To reveal motifs that changed in risk alleles, we used the online software JASPAR to analyze the motifs overlapping rs560789-non-risk alleles and -risk alleles (relative profile score threshold was 80%). The non-risk alleles contained 70 motifs, whereas the risk alleles contained only 26 motifs. Among them, 50 motifs were lost, and six motifs were gained caused by the risk allele (Fig. 6h). The “lost” motifs were mainly members of the SOX transcription factor family. According to previous reports, SOX2 acts as a functional gene of cleft palate, and oral epithelium-specific deletion of Sox2 resulted in significant orofacial cleft.39,40 Anti-SOX2 ChIP-qPCR validated that SOX2 bound to a genomic region overlapping rs560789 (Fig. 6h). In addition, DLA experiment confirmed that overexpression of Sox2 (using pcDNA3.1(+)-Sox2) increased the activity of enhancer with the non-risk allele but the not non-risk allele of rs560789 (Fig. 6i). These results indicated that the risk allele of rs560789 could impair the function of SOX2, which would result in cleft palate. On the other hand, the “gained” motifs caused by the risk allele, including OSR1 and NKX3-2, were not directly relevant to the pathogenesis of NSCPO (Fig. 6j).
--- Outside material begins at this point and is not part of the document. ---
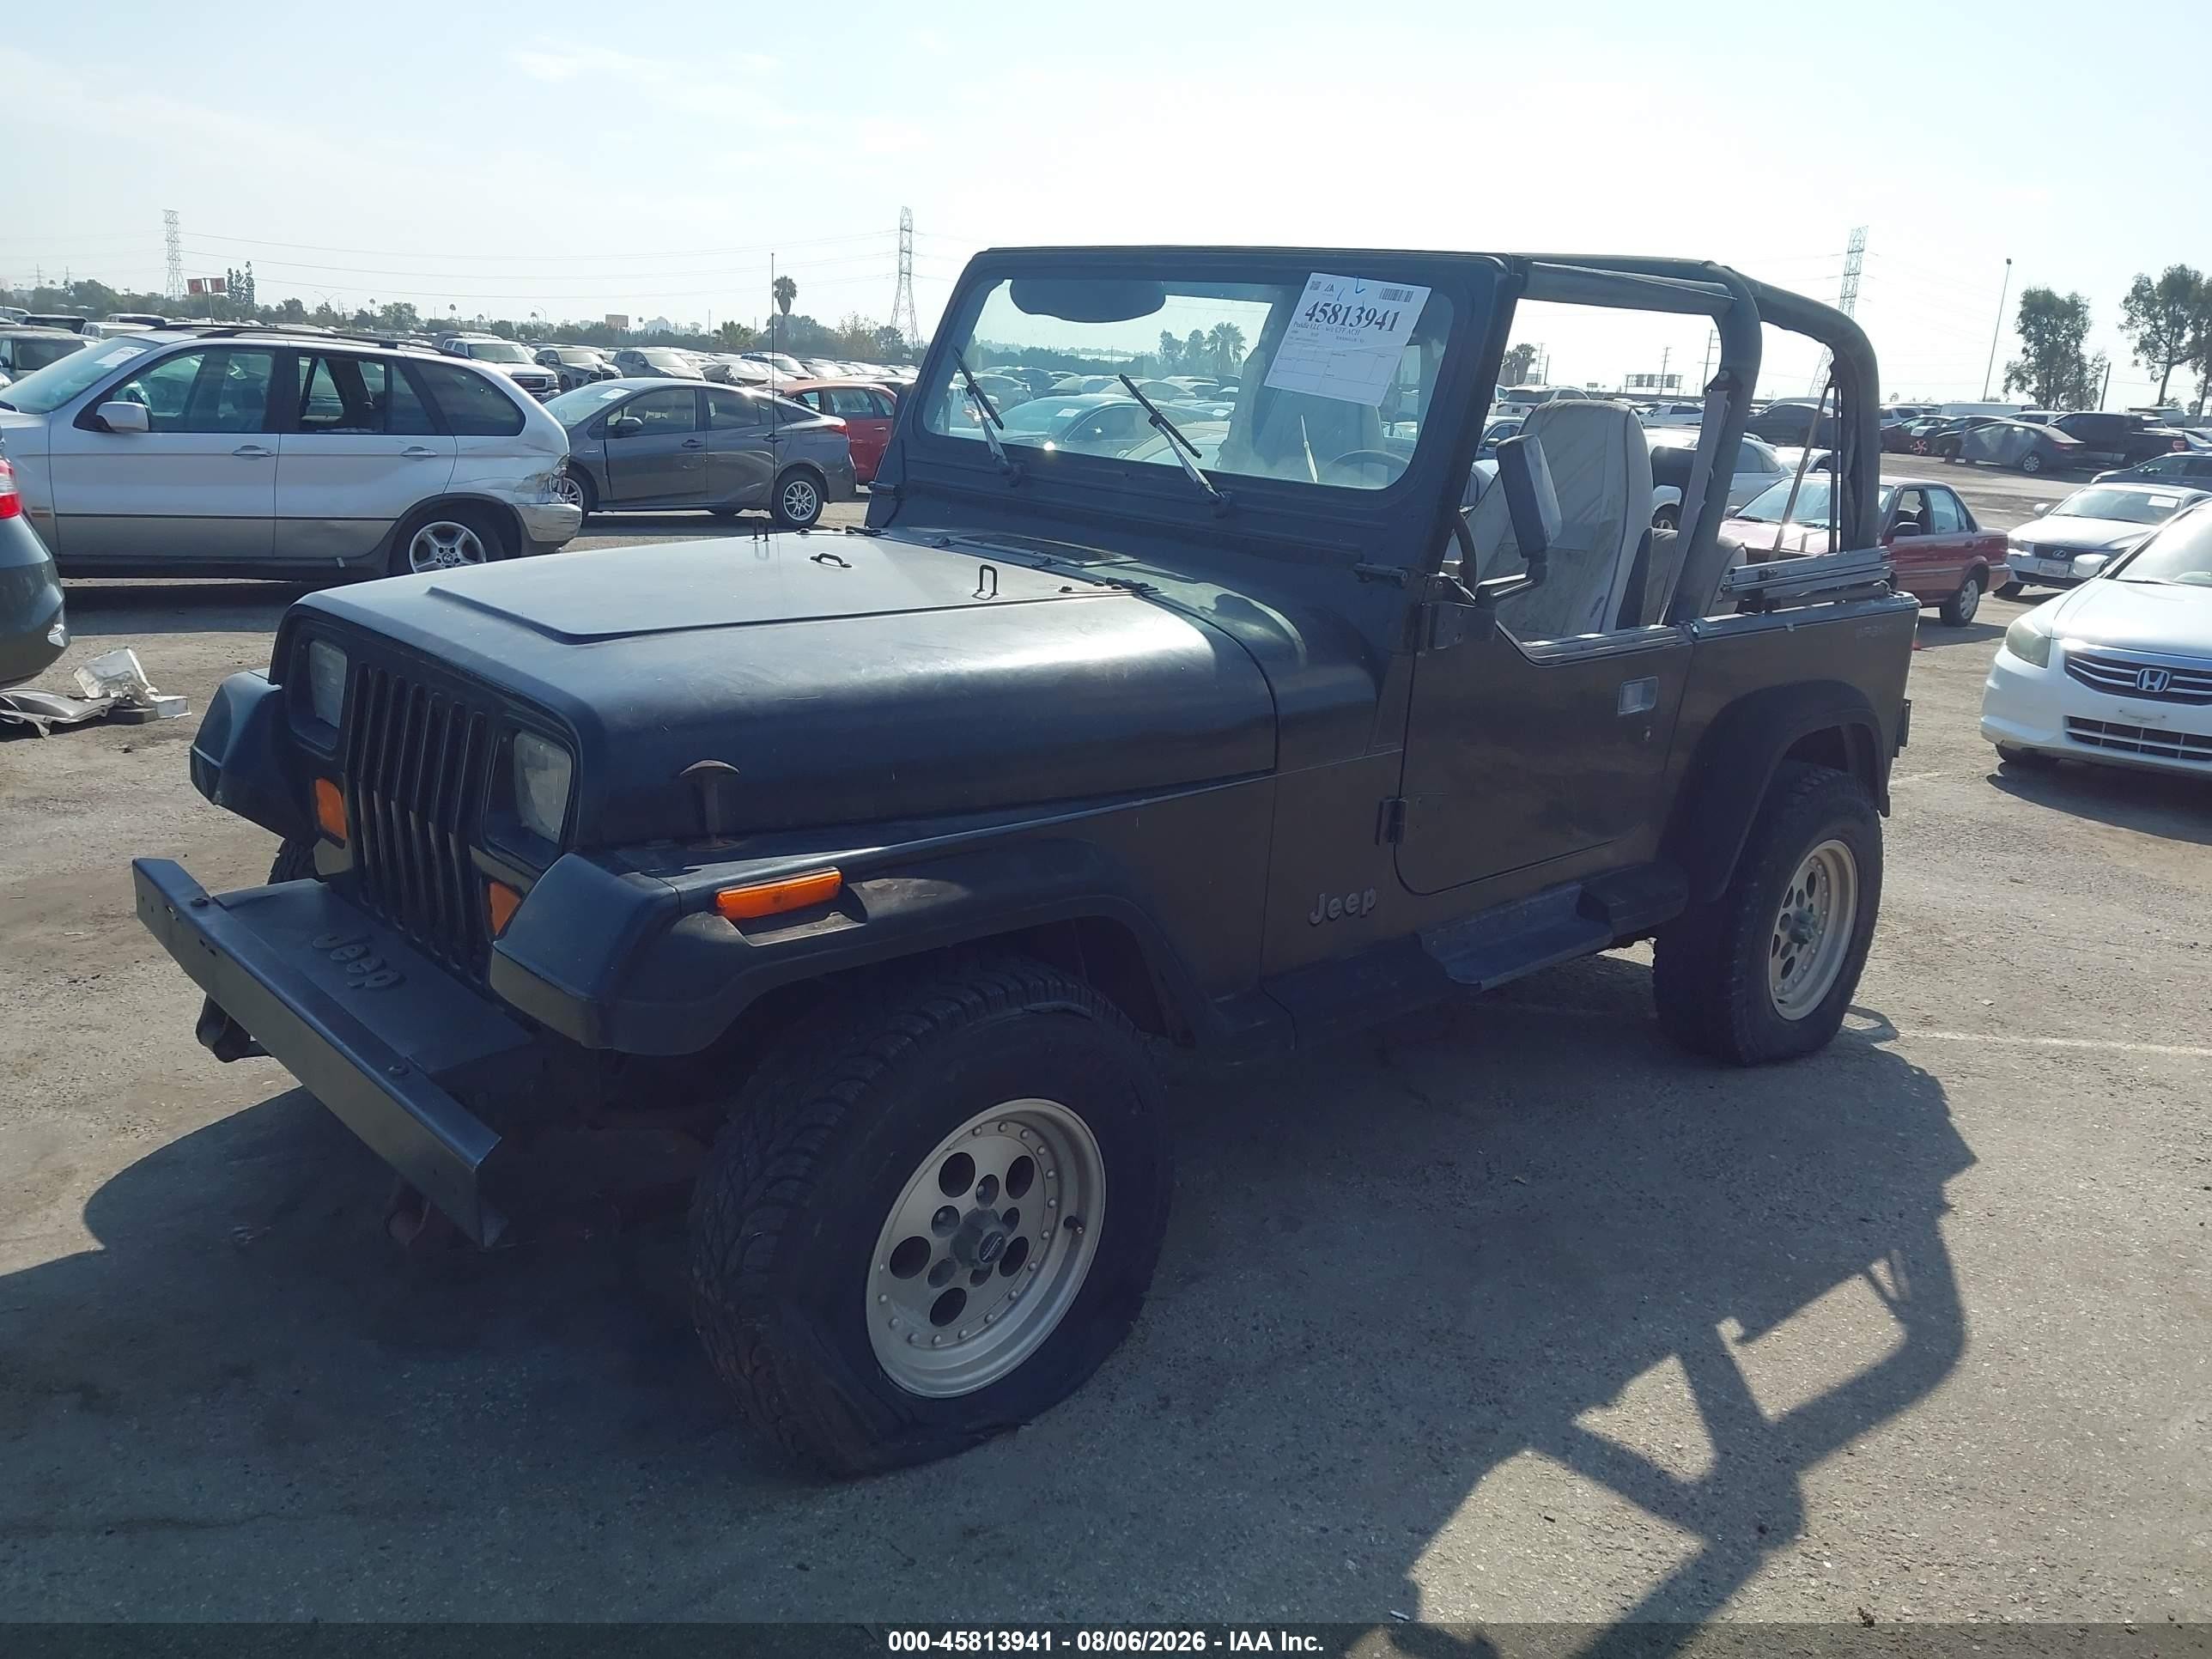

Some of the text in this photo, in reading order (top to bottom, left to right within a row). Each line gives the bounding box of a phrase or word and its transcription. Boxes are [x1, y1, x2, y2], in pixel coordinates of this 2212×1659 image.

Besides SOX2, a Gene Ontology (GO) analysis showed that the TFs corresponding to the 50 putative lost motifs were closely related to tissue differentiation processes, including the negative regulation of epithelial cell differentiation (GO:0050680, −logP = 2.047) (Fig. 6k). TFs included HOXA2, ISL1, SOX17, HOXA5, SOX10, and EMX1. A single-nucleotide mutation in rs174570 led to similar results. TFs corresponding to the 34 non-risk allele-based motifs (Supplementary Fig. 3g–i) were closely related to epithelial cell differentiation (GO:0030855, −logP = 5.10) (Supplementary Fig. 3j), whereas TFs corresponding to the 24 risk allele-based motifs (Supplementary Fig. 3g–i) were enriched in GO terms, including negative regulation of cell differentiation (GO:0045596, −logP = 6.08) and embryo development ending in birth or egg hatching (GO:0009792, −logP = 7.64) (Supplementary Fig. 3k).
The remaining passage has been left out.